◆ TASK INPUTS:

────────────────────

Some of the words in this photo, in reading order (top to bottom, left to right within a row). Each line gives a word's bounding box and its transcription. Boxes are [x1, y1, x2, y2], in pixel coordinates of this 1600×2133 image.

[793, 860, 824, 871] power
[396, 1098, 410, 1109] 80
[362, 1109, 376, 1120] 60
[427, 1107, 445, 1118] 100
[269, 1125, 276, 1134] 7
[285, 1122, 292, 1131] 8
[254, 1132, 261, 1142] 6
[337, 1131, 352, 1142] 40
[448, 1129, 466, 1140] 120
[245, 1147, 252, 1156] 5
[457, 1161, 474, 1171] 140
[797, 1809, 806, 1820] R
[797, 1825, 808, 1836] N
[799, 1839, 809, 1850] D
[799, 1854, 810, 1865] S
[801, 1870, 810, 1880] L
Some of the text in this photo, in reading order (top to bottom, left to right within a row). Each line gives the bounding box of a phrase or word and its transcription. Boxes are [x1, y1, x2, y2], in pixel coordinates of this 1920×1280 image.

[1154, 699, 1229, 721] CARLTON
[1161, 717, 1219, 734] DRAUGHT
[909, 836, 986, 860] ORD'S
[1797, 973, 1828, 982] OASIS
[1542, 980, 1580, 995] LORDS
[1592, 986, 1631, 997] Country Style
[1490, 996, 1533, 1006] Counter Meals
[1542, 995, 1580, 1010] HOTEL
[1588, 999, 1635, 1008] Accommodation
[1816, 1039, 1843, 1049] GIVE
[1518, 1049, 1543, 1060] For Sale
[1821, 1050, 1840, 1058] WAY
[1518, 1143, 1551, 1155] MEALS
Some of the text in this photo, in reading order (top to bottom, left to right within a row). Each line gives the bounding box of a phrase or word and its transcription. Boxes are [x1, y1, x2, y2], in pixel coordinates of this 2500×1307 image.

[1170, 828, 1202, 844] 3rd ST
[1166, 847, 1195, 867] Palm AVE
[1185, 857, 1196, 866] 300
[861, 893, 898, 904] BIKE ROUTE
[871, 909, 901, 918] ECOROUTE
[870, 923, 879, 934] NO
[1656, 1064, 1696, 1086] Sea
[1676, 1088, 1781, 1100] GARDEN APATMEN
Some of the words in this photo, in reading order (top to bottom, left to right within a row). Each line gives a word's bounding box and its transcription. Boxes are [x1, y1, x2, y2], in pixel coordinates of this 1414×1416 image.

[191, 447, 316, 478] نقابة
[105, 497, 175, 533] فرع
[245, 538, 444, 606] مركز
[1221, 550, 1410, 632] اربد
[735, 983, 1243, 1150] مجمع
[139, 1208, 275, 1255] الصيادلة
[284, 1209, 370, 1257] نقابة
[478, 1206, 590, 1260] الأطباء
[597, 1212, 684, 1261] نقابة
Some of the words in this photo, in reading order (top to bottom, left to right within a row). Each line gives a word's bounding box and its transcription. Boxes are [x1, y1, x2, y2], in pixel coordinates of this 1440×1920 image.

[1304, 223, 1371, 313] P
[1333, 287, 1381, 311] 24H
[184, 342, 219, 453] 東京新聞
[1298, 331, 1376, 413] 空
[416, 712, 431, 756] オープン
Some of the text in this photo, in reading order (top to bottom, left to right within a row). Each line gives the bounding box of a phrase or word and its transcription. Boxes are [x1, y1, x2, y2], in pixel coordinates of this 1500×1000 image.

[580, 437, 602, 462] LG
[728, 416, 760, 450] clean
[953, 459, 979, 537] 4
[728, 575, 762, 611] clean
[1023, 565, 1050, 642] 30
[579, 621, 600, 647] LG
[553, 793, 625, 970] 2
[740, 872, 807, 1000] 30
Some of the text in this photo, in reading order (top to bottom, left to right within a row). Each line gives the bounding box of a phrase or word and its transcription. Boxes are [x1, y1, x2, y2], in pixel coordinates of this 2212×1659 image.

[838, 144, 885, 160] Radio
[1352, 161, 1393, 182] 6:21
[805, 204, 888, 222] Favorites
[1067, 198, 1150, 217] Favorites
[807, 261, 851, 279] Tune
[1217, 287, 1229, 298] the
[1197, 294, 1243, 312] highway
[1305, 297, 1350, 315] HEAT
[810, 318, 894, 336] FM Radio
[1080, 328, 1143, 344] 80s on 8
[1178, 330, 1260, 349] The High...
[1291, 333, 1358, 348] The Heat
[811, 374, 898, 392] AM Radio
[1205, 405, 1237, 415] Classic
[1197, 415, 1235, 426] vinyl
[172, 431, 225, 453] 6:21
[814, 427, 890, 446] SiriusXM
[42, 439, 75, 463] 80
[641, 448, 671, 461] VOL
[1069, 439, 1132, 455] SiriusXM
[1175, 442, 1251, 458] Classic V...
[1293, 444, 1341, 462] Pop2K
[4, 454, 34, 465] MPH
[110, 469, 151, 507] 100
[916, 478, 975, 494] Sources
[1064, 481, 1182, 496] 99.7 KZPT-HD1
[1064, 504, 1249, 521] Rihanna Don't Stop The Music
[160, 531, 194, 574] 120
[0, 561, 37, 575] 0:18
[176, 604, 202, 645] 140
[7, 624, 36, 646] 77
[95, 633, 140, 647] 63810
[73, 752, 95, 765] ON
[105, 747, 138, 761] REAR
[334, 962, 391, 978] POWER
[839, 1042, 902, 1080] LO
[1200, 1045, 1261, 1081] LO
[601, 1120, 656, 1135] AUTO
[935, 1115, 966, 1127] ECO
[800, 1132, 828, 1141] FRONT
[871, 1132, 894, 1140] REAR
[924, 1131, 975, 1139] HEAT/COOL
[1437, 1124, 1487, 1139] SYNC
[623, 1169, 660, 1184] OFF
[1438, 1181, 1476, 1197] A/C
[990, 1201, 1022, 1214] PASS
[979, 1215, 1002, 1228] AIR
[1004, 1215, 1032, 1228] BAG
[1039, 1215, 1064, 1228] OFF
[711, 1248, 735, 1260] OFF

────────────────────

◆ EXERCISE INSTRUCTIONS: Copy every line above exactly.

◆ WRITTEN ANSWER:
Some of the words in this photo, in reading order (top to bottom, left to right within a row). Each line gives a word's bounding box and its transcription. Boxes are [x1, y1, x2, y2], in pixel coordinates of this 1600×2133 image.

[793, 860, 824, 871] power
[396, 1098, 410, 1109] 80
[362, 1109, 376, 1120] 60
[427, 1107, 445, 1118] 100
[269, 1125, 276, 1134] 7
[285, 1122, 292, 1131] 8
[254, 1132, 261, 1142] 6
[337, 1131, 352, 1142] 40
[448, 1129, 466, 1140] 120
[245, 1147, 252, 1156] 5
[457, 1161, 474, 1171] 140
[797, 1809, 806, 1820] R
[797, 1825, 808, 1836] N
[799, 1839, 809, 1850] D
[799, 1854, 810, 1865] S
[801, 1870, 810, 1880] L
Some of the text in this photo, in reading order (top to bottom, left to right within a row). Each line gives the bounding box of a phrase or word and its transcription. Boxes are [x1, y1, x2, y2], in pixel coordinates of this 1920×1280 image.

[1154, 699, 1229, 721] CARLTON
[1161, 717, 1219, 734] DRAUGHT
[909, 836, 986, 860] ORD'S
[1797, 973, 1828, 982] OASIS
[1542, 980, 1580, 995] LORDS
[1592, 986, 1631, 997] Country Style
[1490, 996, 1533, 1006] Counter Meals
[1542, 995, 1580, 1010] HOTEL
[1588, 999, 1635, 1008] Accommodation
[1816, 1039, 1843, 1049] GIVE
[1518, 1049, 1543, 1060] For Sale
[1821, 1050, 1840, 1058] WAY
[1518, 1143, 1551, 1155] MEALS
Some of the text in this photo, in reading order (top to bottom, left to right within a row). Each line gives the bounding box of a phrase or word and its transcription. Boxes are [x1, y1, x2, y2], in pixel coordinates of this 2500×1307 image.

[1170, 828, 1202, 844] 3rd ST
[1166, 847, 1195, 867] Palm AVE
[1185, 857, 1196, 866] 300
[861, 893, 898, 904] BIKE ROUTE
[871, 909, 901, 918] ECOROUTE
[870, 923, 879, 934] NO
[1656, 1064, 1696, 1086] Sea
[1676, 1088, 1781, 1100] GARDEN APATMEN
Some of the words in this photo, in reading order (top to bottom, left to right within a row). Each line gives a word's bounding box and its transcription. Boxes are [x1, y1, x2, y2], in pixel coordinates of this 1414×1416 image.

[191, 447, 316, 478] نقابة
[105, 497, 175, 533] فرع
[245, 538, 444, 606] مركز
[1221, 550, 1410, 632] اربد
[735, 983, 1243, 1150] مجمع
[139, 1208, 275, 1255] الصيادلة
[284, 1209, 370, 1257] نقابة
[478, 1206, 590, 1260] الأطباء
[597, 1212, 684, 1261] نقابة
Some of the words in this photo, in reading order (top to bottom, left to right within a row). Each line gives a word's bounding box and its transcription. Boxes are [x1, y1, x2, y2], in pixel coordinates of this 1440×1920 image.

[1304, 223, 1371, 313] P
[1333, 287, 1381, 311] 24H
[184, 342, 219, 453] 東京新聞
[1298, 331, 1376, 413] 空
[416, 712, 431, 756] オープン
Some of the text in this photo, in reading order (top to bottom, left to right within a row). Each line gives the bounding box of a phrase or word and its transcription. Boxes are [x1, y1, x2, y2], in pixel coordinates of this 1500×1000 image.

[580, 437, 602, 462] LG
[728, 416, 760, 450] clean
[953, 459, 979, 537] 4
[728, 575, 762, 611] clean
[1023, 565, 1050, 642] 30
[579, 621, 600, 647] LG
[553, 793, 625, 970] 2
[740, 872, 807, 1000] 30
Some of the text in this photo, in reading order (top to bottom, left to right within a row). Each line gives the bounding box of a phrase or word and its transcription. Boxes are [x1, y1, x2, y2], in pixel coordinates of this 2212×1659 image.

[838, 144, 885, 160] Radio
[1352, 161, 1393, 182] 6:21
[805, 204, 888, 222] Favorites
[1067, 198, 1150, 217] Favorites
[807, 261, 851, 279] Tune
[1217, 287, 1229, 298] the
[1197, 294, 1243, 312] highway
[1305, 297, 1350, 315] HEAT
[810, 318, 894, 336] FM Radio
[1080, 328, 1143, 344] 80s on 8
[1178, 330, 1260, 349] The High...
[1291, 333, 1358, 348] The Heat
[811, 374, 898, 392] AM Radio
[1205, 405, 1237, 415] Classic
[1197, 415, 1235, 426] vinyl
[172, 431, 225, 453] 6:21
[814, 427, 890, 446] SiriusXM
[42, 439, 75, 463] 80
[641, 448, 671, 461] VOL
[1069, 439, 1132, 455] SiriusXM
[1175, 442, 1251, 458] Classic V...
[1293, 444, 1341, 462] Pop2K
[4, 454, 34, 465] MPH
[110, 469, 151, 507] 100
[916, 478, 975, 494] Sources
[1064, 481, 1182, 496] 99.7 KZPT-HD1
[1064, 504, 1249, 521] Rihanna Don't Stop The Music
[160, 531, 194, 574] 120
[0, 561, 37, 575] 0:18
[176, 604, 202, 645] 140
[7, 624, 36, 646] 77
[95, 633, 140, 647] 63810
[73, 752, 95, 765] ON
[105, 747, 138, 761] REAR
[334, 962, 391, 978] POWER
[839, 1042, 902, 1080] LO
[1200, 1045, 1261, 1081] LO
[601, 1120, 656, 1135] AUTO
[935, 1115, 966, 1127] ECO
[800, 1132, 828, 1141] FRONT
[871, 1132, 894, 1140] REAR
[924, 1131, 975, 1139] HEAT/COOL
[1437, 1124, 1487, 1139] SYNC
[623, 1169, 660, 1184] OFF
[1438, 1181, 1476, 1197] A/C
[990, 1201, 1022, 1214] PASS
[979, 1215, 1002, 1228] AIR
[1004, 1215, 1032, 1228] BAG
[1039, 1215, 1064, 1228] OFF
[711, 1248, 735, 1260] OFF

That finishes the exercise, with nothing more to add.